Pictures do not belong in the copy; restate the records below word for word.

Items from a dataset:

══════════════════════════════

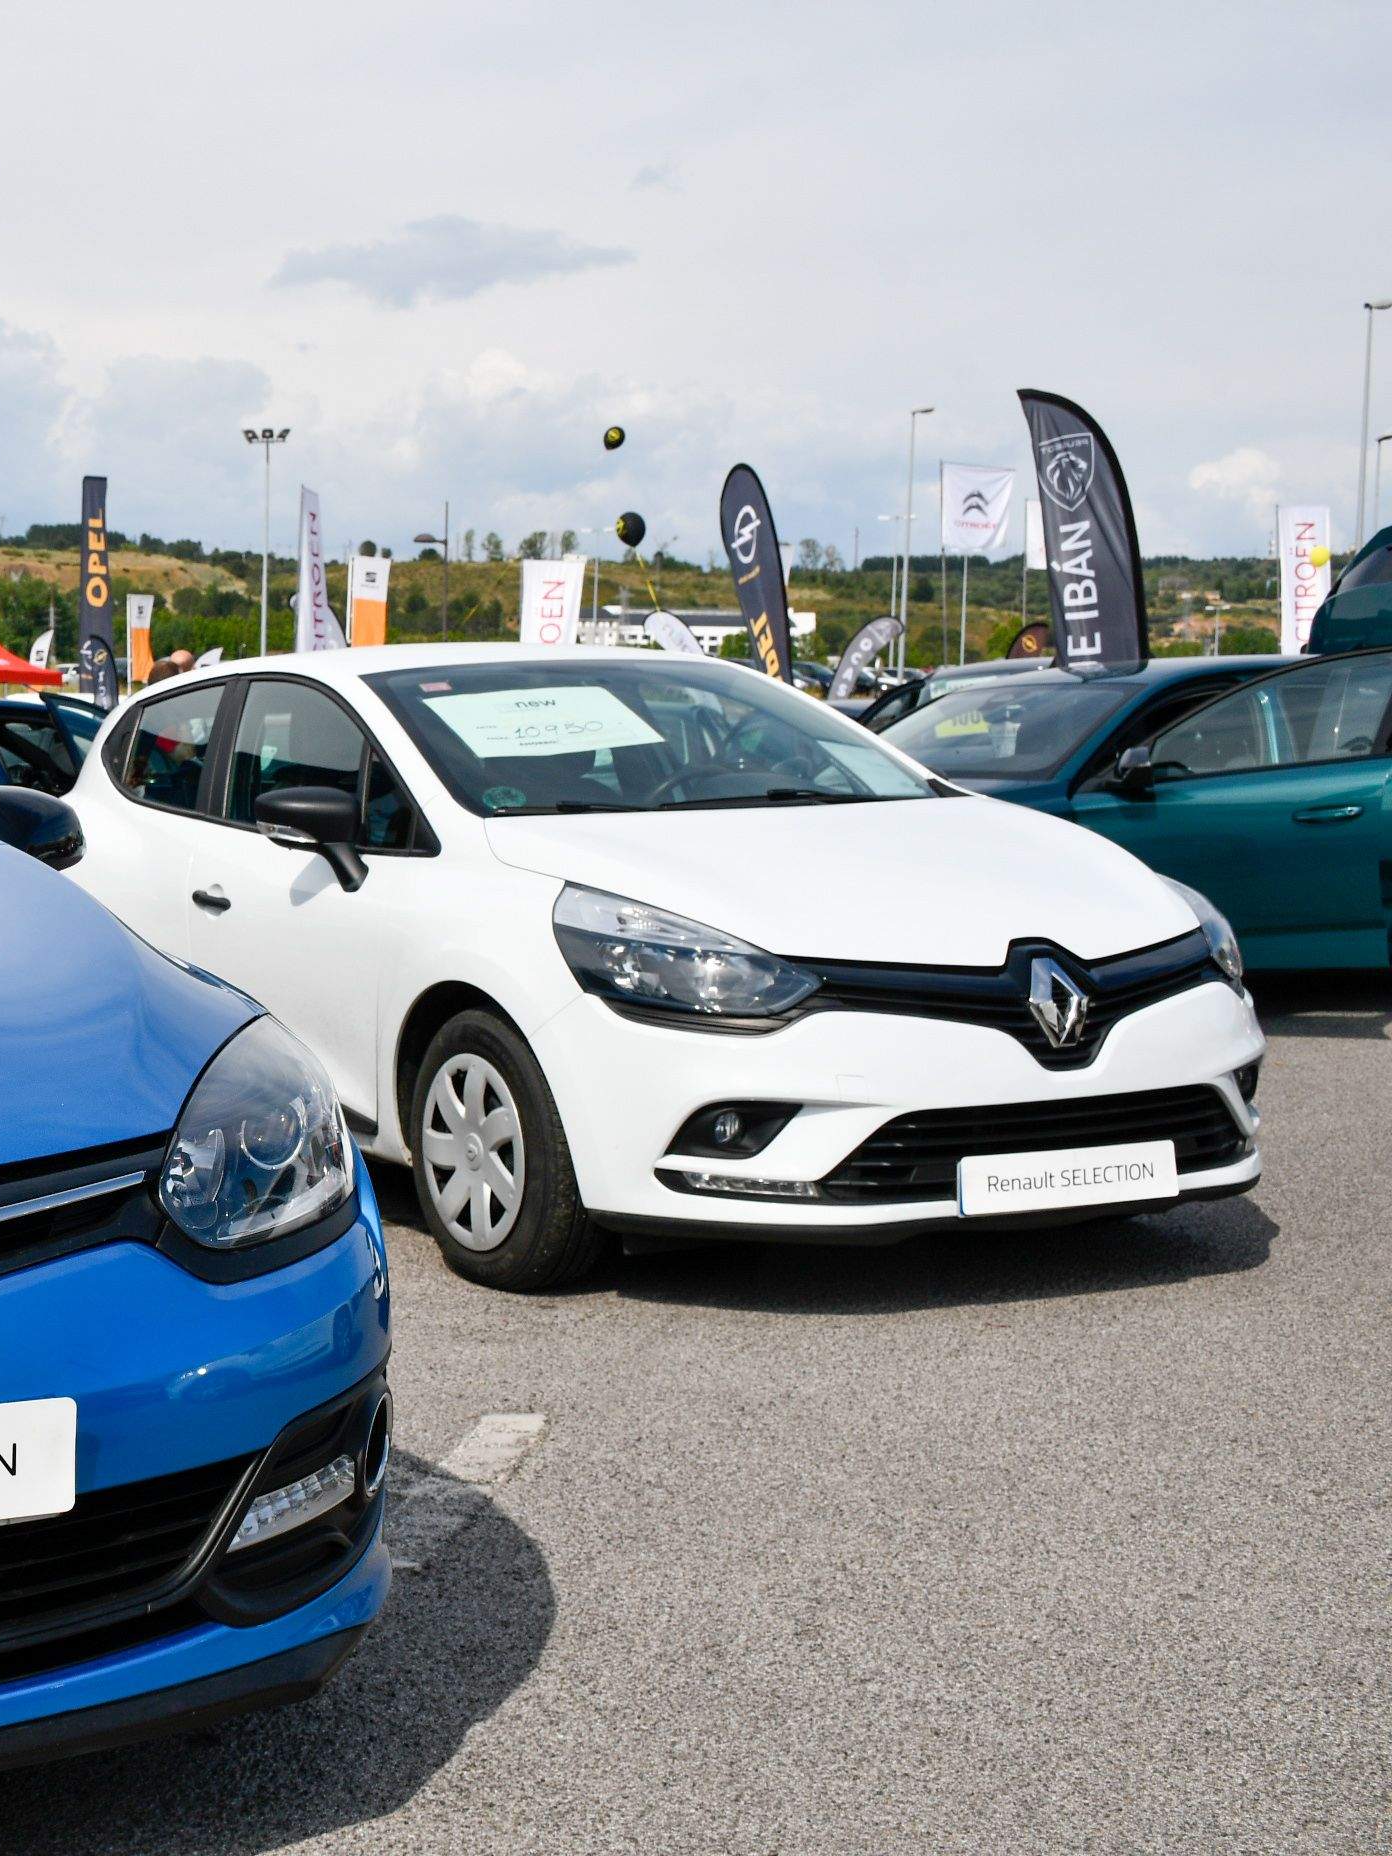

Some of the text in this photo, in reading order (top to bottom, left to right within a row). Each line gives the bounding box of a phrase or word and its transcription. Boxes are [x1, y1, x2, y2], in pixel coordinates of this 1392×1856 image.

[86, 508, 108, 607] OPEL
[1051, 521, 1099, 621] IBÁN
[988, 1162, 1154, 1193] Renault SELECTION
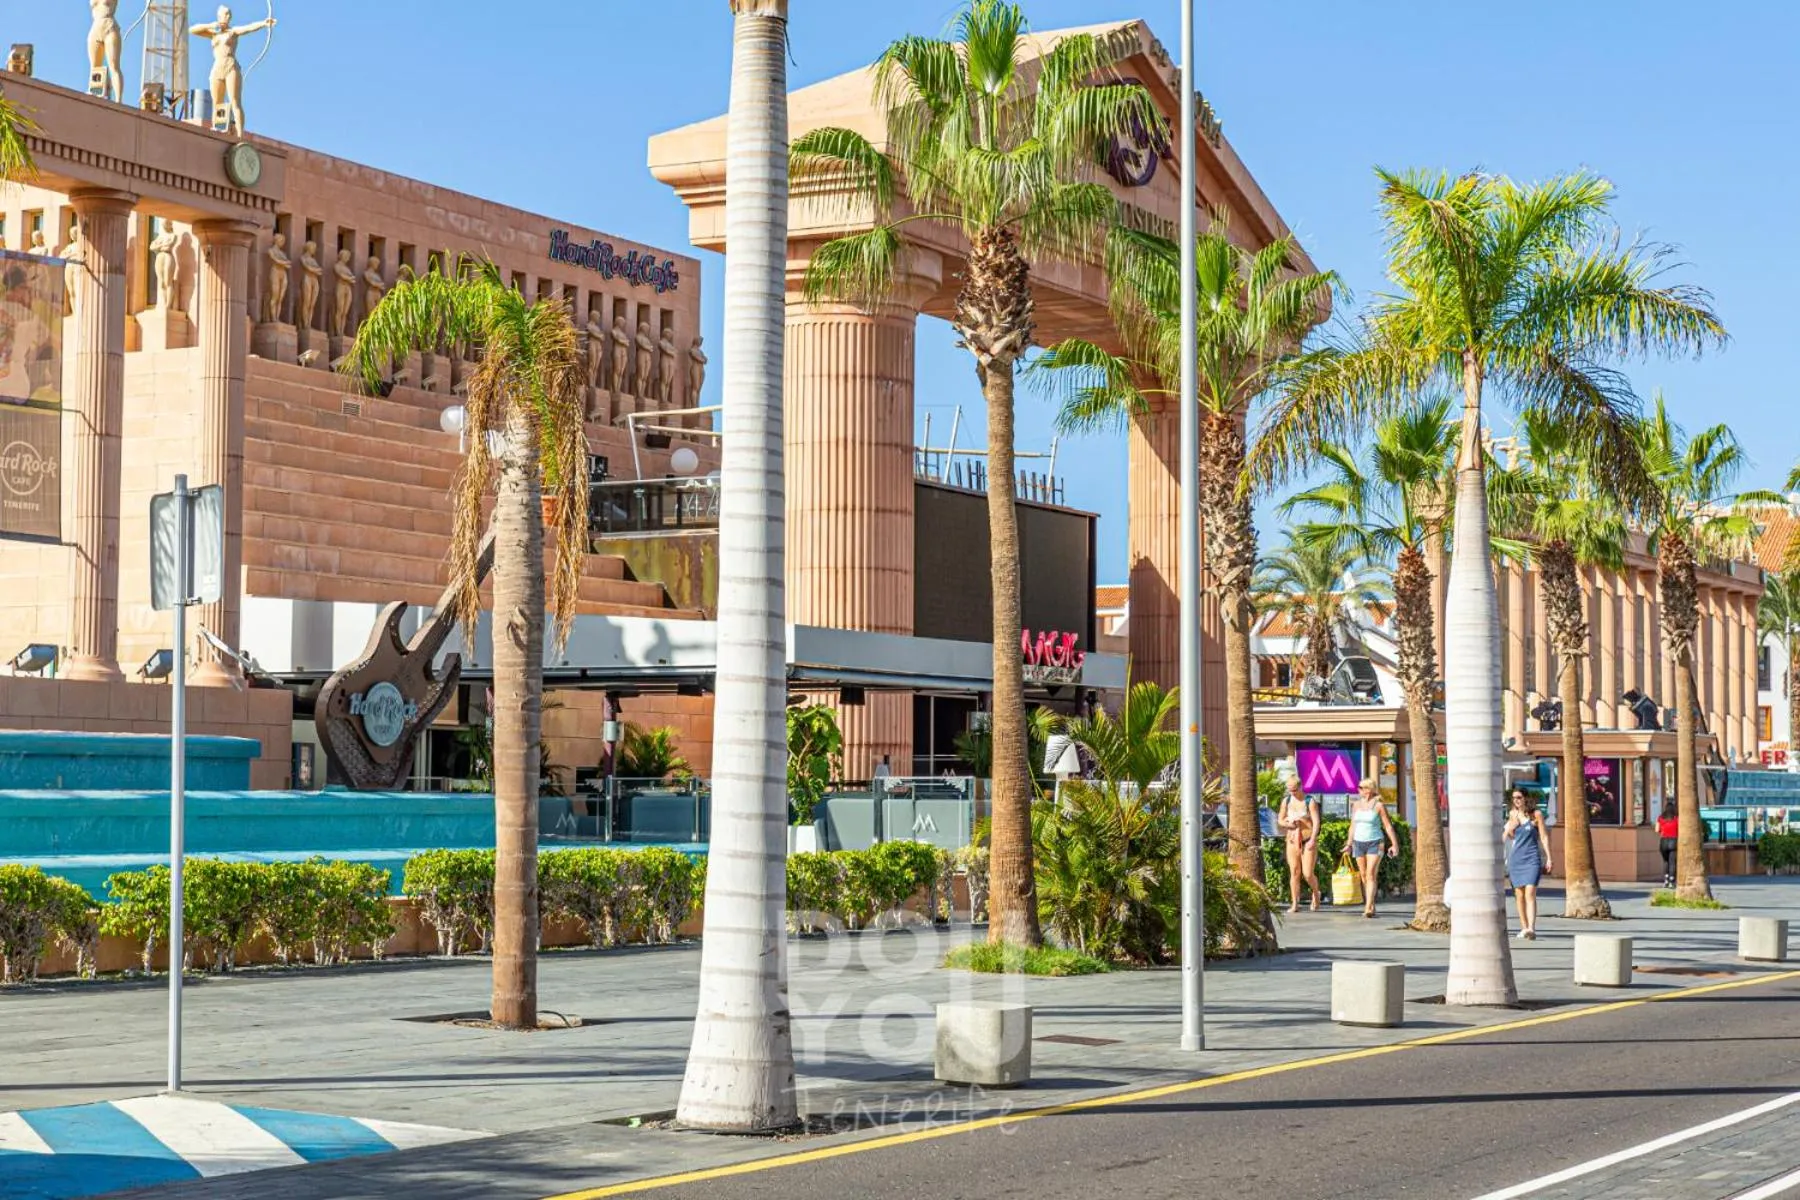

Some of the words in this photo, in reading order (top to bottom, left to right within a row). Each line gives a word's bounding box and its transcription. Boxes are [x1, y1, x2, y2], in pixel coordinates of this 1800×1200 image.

══════════════════════════════

Answer to this exercise:
Some of the text in this photo, in reading order (top to bottom, left to right within a row). Each line gives the bounding box of a phrase or word and its transcription. Boxes are [x1, y1, x2, y2], in pixel coordinates of this 1392×1856 image.

[86, 508, 108, 607] OPEL
[1051, 521, 1099, 621] IBÁN
[988, 1162, 1154, 1193] Renault SELECTION

Some of the words in this photo, in reading order (top to bottom, left to right within a row). Each line gives a word's bounding box and its transcription. Boxes are [x1, y1, x2, y2], in pixel coordinates of this 1800×1200 image.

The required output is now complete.